[Spatial localization data]
-------
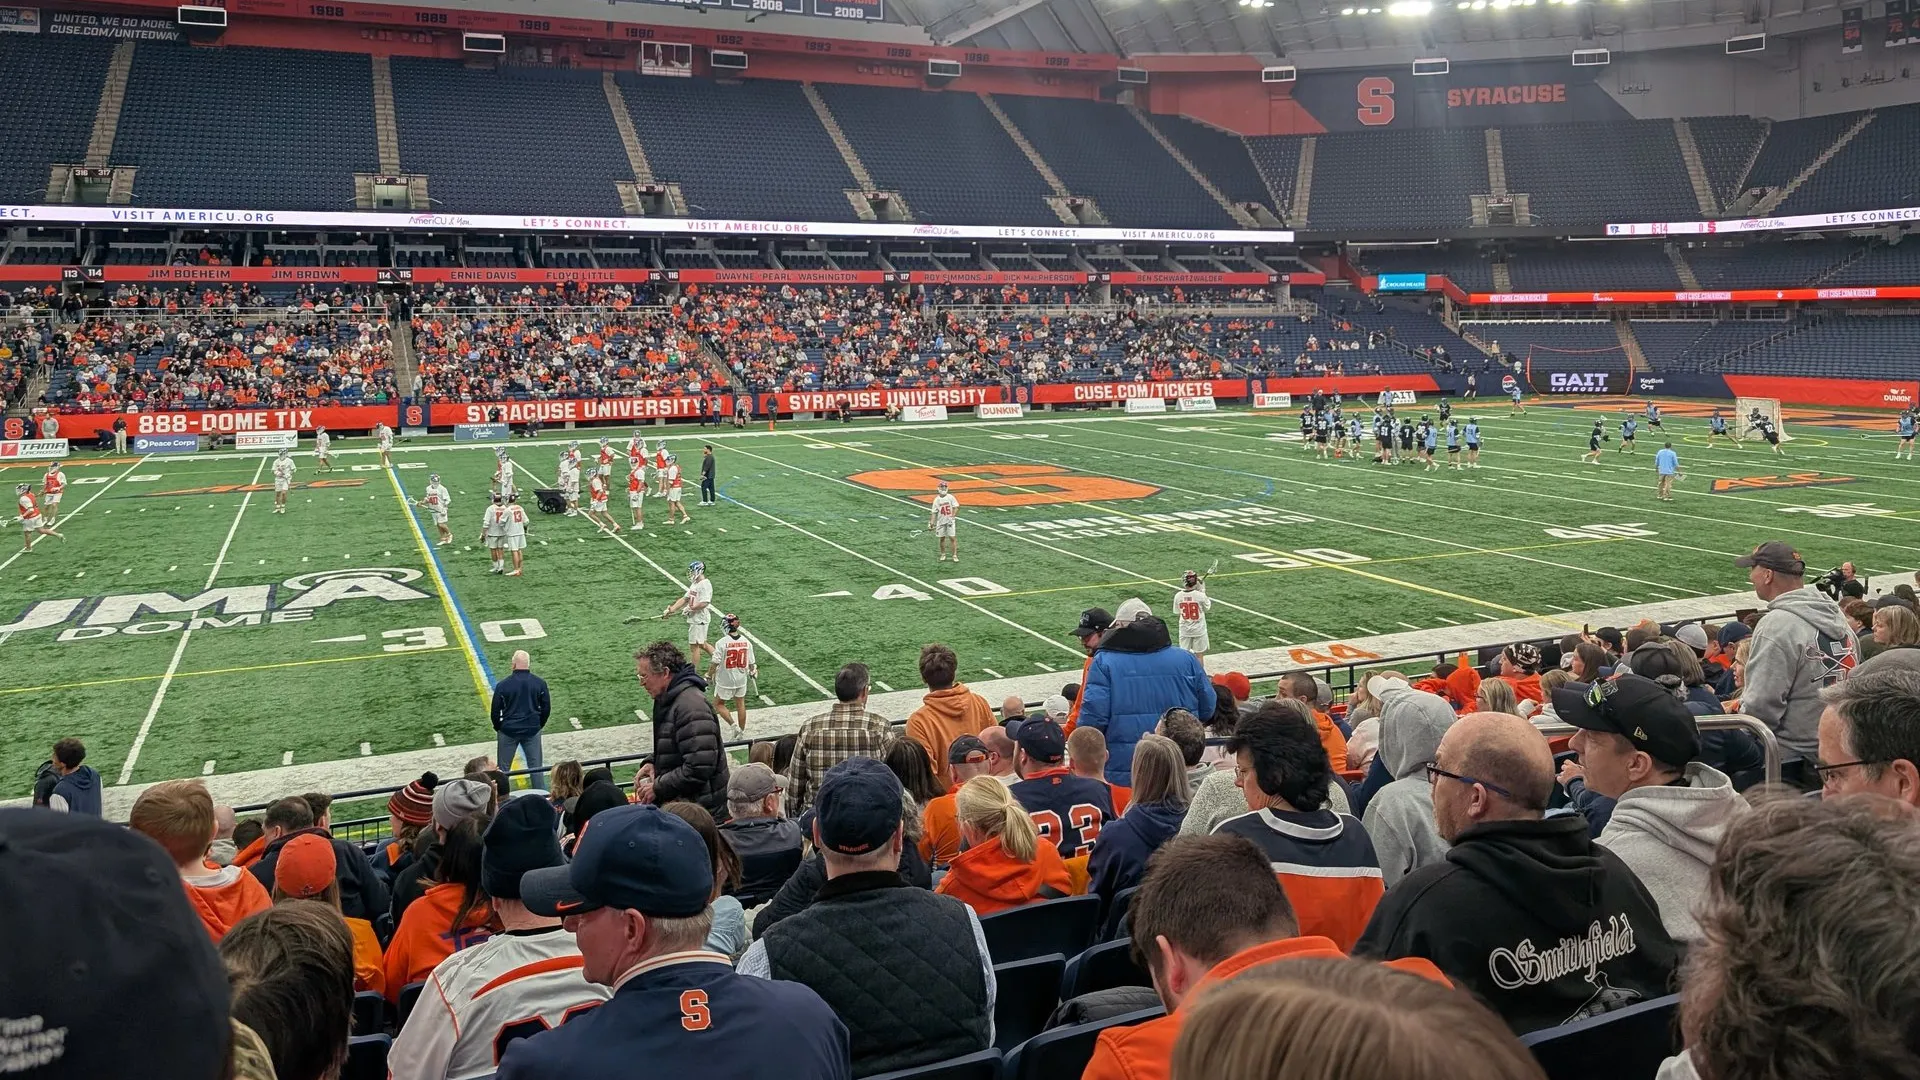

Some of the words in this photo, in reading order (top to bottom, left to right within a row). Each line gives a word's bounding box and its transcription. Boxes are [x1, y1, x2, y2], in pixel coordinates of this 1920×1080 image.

[752, 0, 782, 11] 2008
[835, 6, 864, 18] 2009
[53, 13, 99, 26] UNITED,
[102, 17, 119, 26] WE
[122, 18, 138, 27] DO
[141, 20, 175, 30] MORE.
[50, 25, 180, 41] CUSE.COM/UNITEDWAY
[1357, 76, 1395, 126] S
[1448, 84, 1566, 107] SYRACUSE
[112, 210, 155, 221] VISIT
[163, 211, 275, 222] AMERICU.ORG
[523, 218, 559, 228] LET'S
[565, 219, 630, 229] CONNECT.
[687, 221, 720, 231] VISIT
[725, 222, 809, 233] AMERICU.ORG
[998, 228, 1027, 237] LET'S
[1030, 229, 1080, 238] CONNECT.
[1122, 230, 1147, 239] VISIT
[1150, 231, 1216, 240] AMERICU.ORG
[1826, 214, 1856, 223] LET'S
[64, 270, 78, 278] 113
[88, 269, 102, 277] 114
[148, 269, 170, 279] JIM
[174, 269, 231, 279] BOEHEIM
[271, 270, 293, 279] JIM
[296, 270, 340, 279] BROWN
[378, 272, 391, 280] 114
[400, 270, 412, 278] 115
[451, 271, 482, 280] ERNIE
[486, 271, 517, 280] DAVIS
[547, 271, 579, 280] FLOYD
[582, 271, 615, 280] LITTLE
[649, 272, 660, 280] 115
[715, 272, 754, 281] DWAYNE
[798, 273, 858, 282] WASHINGTON
[943, 274, 981, 282] SIMMONS
[1153, 275, 1224, 283] SCHWARTZWALDER
[1551, 373, 1608, 386] GAIT
[887, 388, 986, 407] UNIVERSITY
[1075, 382, 1213, 399] CUSE.COM/TICKETS
[406, 405, 422, 425] S
[584, 398, 703, 418] UNIVERSITY
[982, 406, 1020, 415] DUNKIN'
[4, 418, 24, 439] S
[139, 411, 267, 434] 888-DOME
[275, 410, 312, 430] TIX
[20, 442, 66, 450] TAMA
[940, 505, 951, 515] 45
[1233, 548, 1372, 569] 50
[872, 577, 1012, 601] 40
[0, 576, 435, 632] JMA
[1179, 602, 1199, 620] 38
[57, 608, 314, 642] DOME
[726, 648, 747, 669] 20
[1287, 643, 1383, 664] 44
[1489, 912, 1637, 991] Smithfield
[680, 988, 712, 1031] S
-------
What to produce:
Reproduce all the entries that precede this task, word for word, minus any pictures.

Finished exercise:
Some of the words in this photo, in reading order (top to bottom, left to right within a row). Each line gives a word's bounding box and its transcription. Boxes are [x1, y1, x2, y2], in pixel coordinates of this 1920×1080 image.

[752, 0, 782, 11] 2008
[835, 6, 864, 18] 2009
[53, 13, 99, 26] UNITED,
[102, 17, 119, 26] WE
[122, 18, 138, 27] DO
[141, 20, 175, 30] MORE.
[50, 25, 180, 41] CUSE.COM/UNITEDWAY
[1357, 76, 1395, 126] S
[1448, 84, 1566, 107] SYRACUSE
[112, 210, 155, 221] VISIT
[163, 211, 275, 222] AMERICU.ORG
[523, 218, 559, 228] LET'S
[565, 219, 630, 229] CONNECT.
[687, 221, 720, 231] VISIT
[725, 222, 809, 233] AMERICU.ORG
[998, 228, 1027, 237] LET'S
[1030, 229, 1080, 238] CONNECT.
[1122, 230, 1147, 239] VISIT
[1150, 231, 1216, 240] AMERICU.ORG
[1826, 214, 1856, 223] LET'S
[64, 270, 78, 278] 113
[88, 269, 102, 277] 114
[148, 269, 170, 279] JIM
[174, 269, 231, 279] BOEHEIM
[271, 270, 293, 279] JIM
[296, 270, 340, 279] BROWN
[378, 272, 391, 280] 114
[400, 270, 412, 278] 115
[451, 271, 482, 280] ERNIE
[486, 271, 517, 280] DAVIS
[547, 271, 579, 280] FLOYD
[582, 271, 615, 280] LITTLE
[649, 272, 660, 280] 115
[715, 272, 754, 281] DWAYNE
[798, 273, 858, 282] WASHINGTON
[943, 274, 981, 282] SIMMONS
[1153, 275, 1224, 283] SCHWARTZWALDER
[1551, 373, 1608, 386] GAIT
[887, 388, 986, 407] UNIVERSITY
[1075, 382, 1213, 399] CUSE.COM/TICKETS
[406, 405, 422, 425] S
[584, 398, 703, 418] UNIVERSITY
[982, 406, 1020, 415] DUNKIN'
[4, 418, 24, 439] S
[139, 411, 267, 434] 888-DOME
[275, 410, 312, 430] TIX
[20, 442, 66, 450] TAMA
[940, 505, 951, 515] 45
[1233, 548, 1372, 569] 50
[872, 577, 1012, 601] 40
[0, 576, 435, 632] JMA
[1179, 602, 1199, 620] 38
[57, 608, 314, 642] DOME
[726, 648, 747, 669] 20
[1287, 643, 1383, 664] 44
[1489, 912, 1637, 991] Smithfield
[680, 988, 712, 1031] S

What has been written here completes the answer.